Reinitiation following recycling of post-TCs

We found that when ABCE1-dependent or independent splitting of post-TCs proceeds in the presence of Met-tRNAiMet and eIFs 2/3/1/1A, 40S subunits remain bound to mRNA and efficiently reinitiate at nearby upstream and downstream AUGs, if the region flanking the stop codon is unstructured (Figs. 5C–F, 6A, 7B–C). Although eIF1/eIF1A are required for dissociation of tRNA from recycled 40S subunits (Pisarev et al., 2007a), low level reinitiation can occur in their absence (Figs. 5C, 6A), particularly when spontaneous dissociation of deacylated tRNA is strong, e.g. at low [Mg2+] or on MVHC-STOP mRNA. eIF3, on the other hand, is essential and likely plays a key role in ensuring retention of mRNA on recycled 40S subunits (Kolupaeva et al. 2005; Unbehaun et al., 2004) and promoting scanning (e.g. Szamecz et al., 2008). Interestingly, eIF3-associated recycled 40S complexes can acquire initiator tRNA and form 48S complexes at nearby AUGs independently of eIF2, albeit with low efficiency (Fig. 6A). Such complexes are, however, susceptible to dissociation by eIF1/eIF1A (Lomakin et al., 2006).
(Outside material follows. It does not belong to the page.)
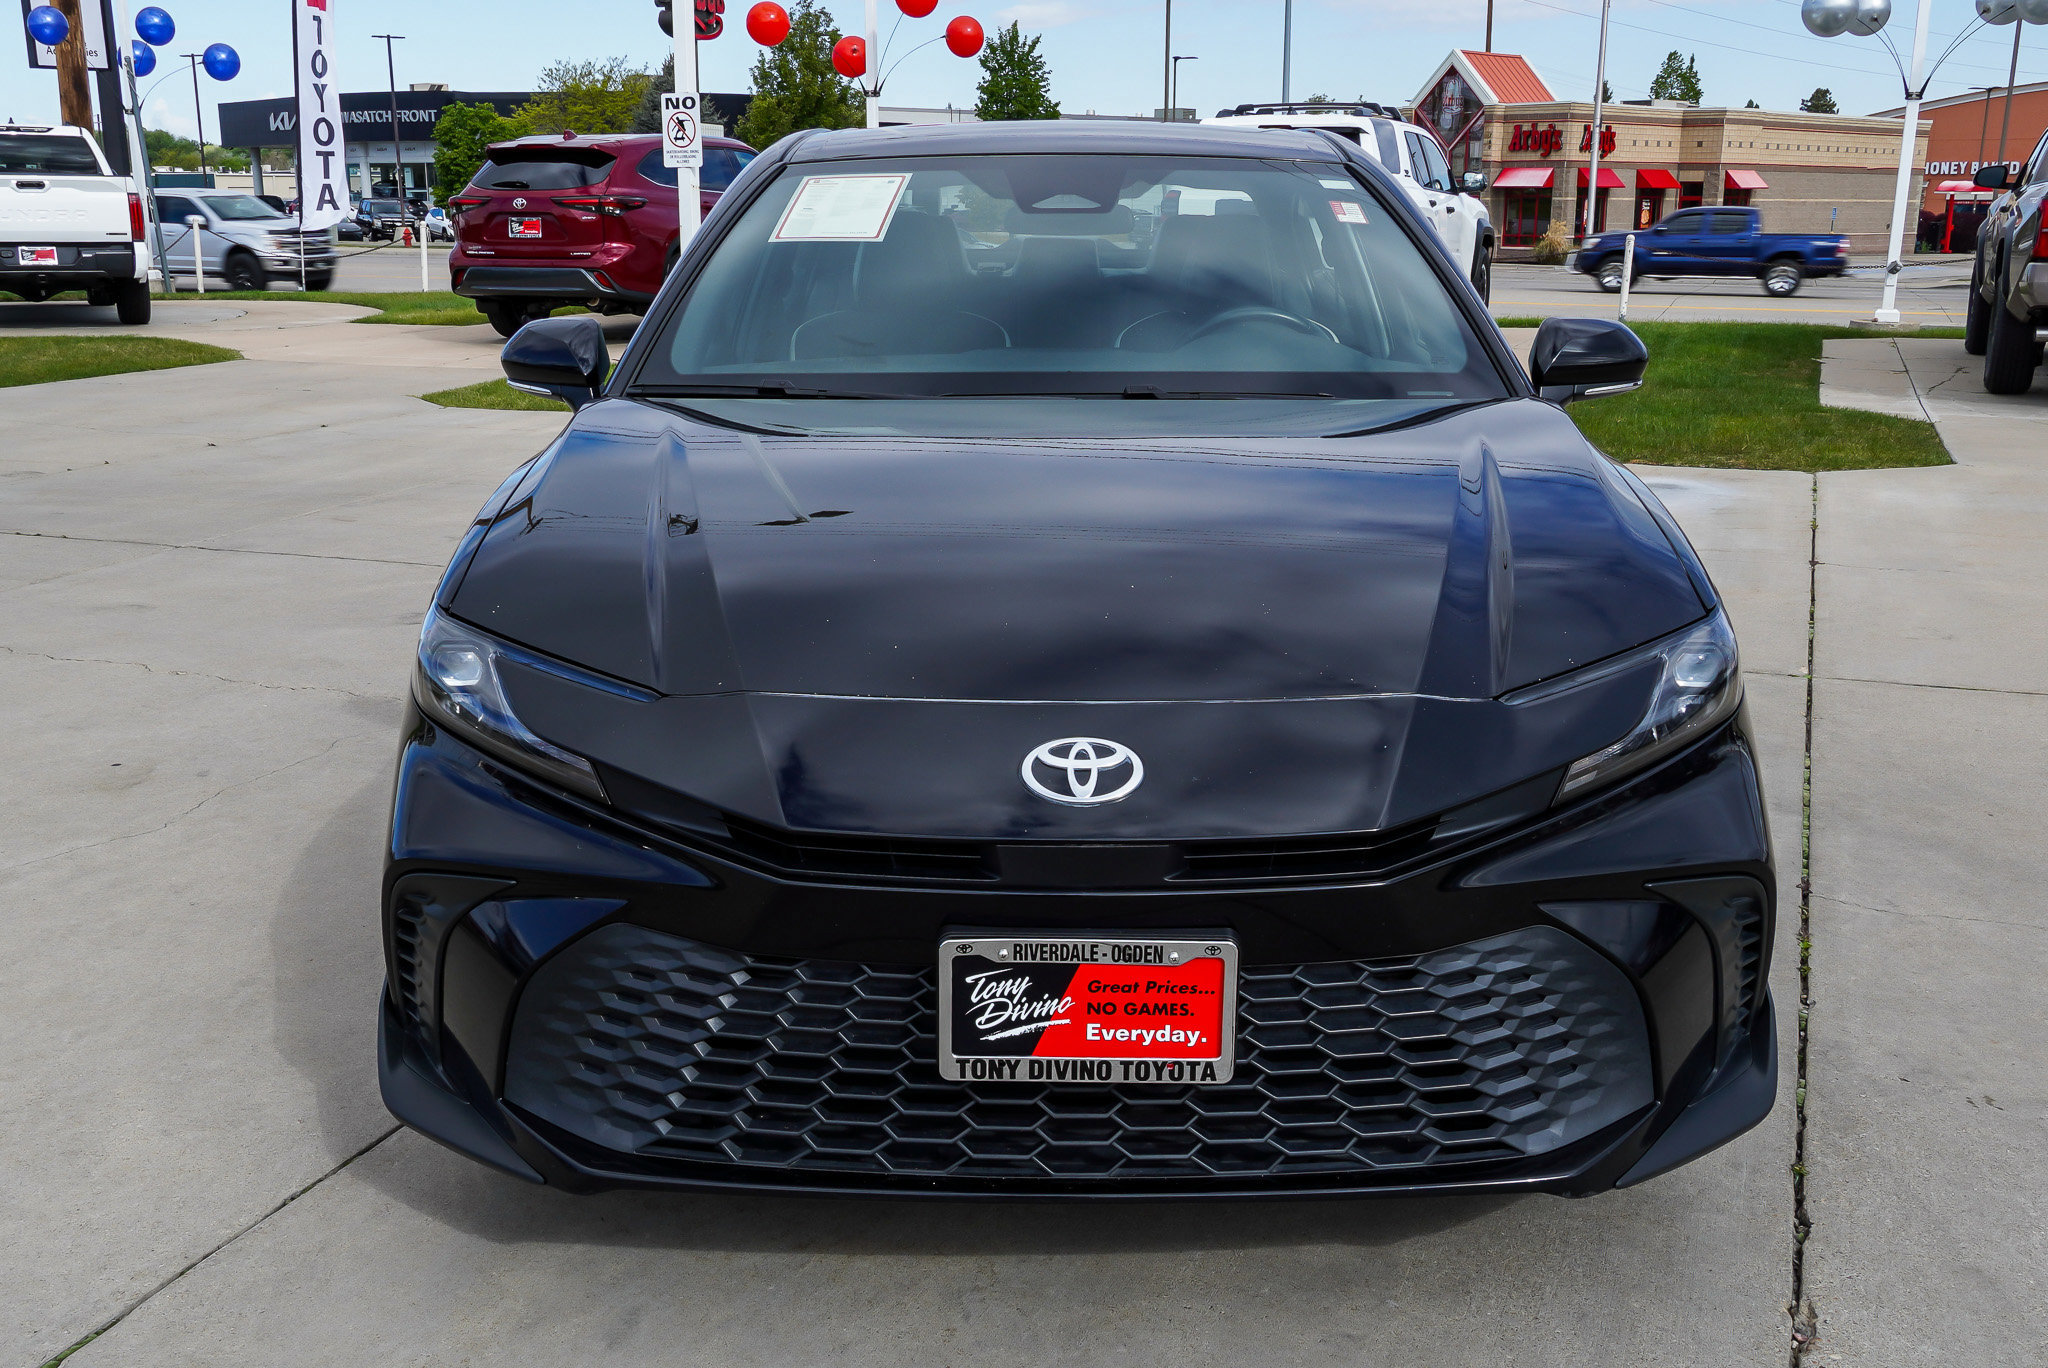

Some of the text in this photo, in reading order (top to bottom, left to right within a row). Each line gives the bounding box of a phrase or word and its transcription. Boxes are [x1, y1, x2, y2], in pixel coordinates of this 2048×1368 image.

Although eIFs 2/3/1/1A can promote reinitiation, they cannot impose 3’-directionality on scanning recycled 40S subunits, and formation of 48S complexes at either upstream or downstream AUGs is determined by the lack of secondary structure in the corresponding region between the AUG and the stop codon. 3’-directionality of reinitiation is promoted by the eIF4 group of factors. However, in contrast to eIF4F, eIF4A and the central domain of eIF4G (eIF4G736–1115) did not have this activity (Figs. 5H–J), even though eIF4G736–1115 is active during 5’-dependent initiation (Pestova and Kolupaeva, 2002). eIF4G736–1115 contains the eIF3-binding site and one of eIF4G’s two eIF4A-binding sites, but lacks an upstream RNA-binding region (~ a.a. 681–720) that is required for eIF4G’s full activity in 5’-end-dependent scanning (Prévôt et al., 2003). The analogous RNA-binding domain in yeast eIF4G is required to ensure the 5’-3’ directionality of RNA unwinding by eIF4F (Rajagopal et al., 2012). Thus, the lack of activity of eIF4G736–1115 during reinitiation could be due to its inability to establish a functional interaction with mRNA that is already accommodated in the mRNA-binding cleft. Notably, the N-terminally extended eIF4G682–1115, containing the upstream RNA-binding region, was able to support reinitiation after a short ORF in RRL (Pöyry et al., 2004).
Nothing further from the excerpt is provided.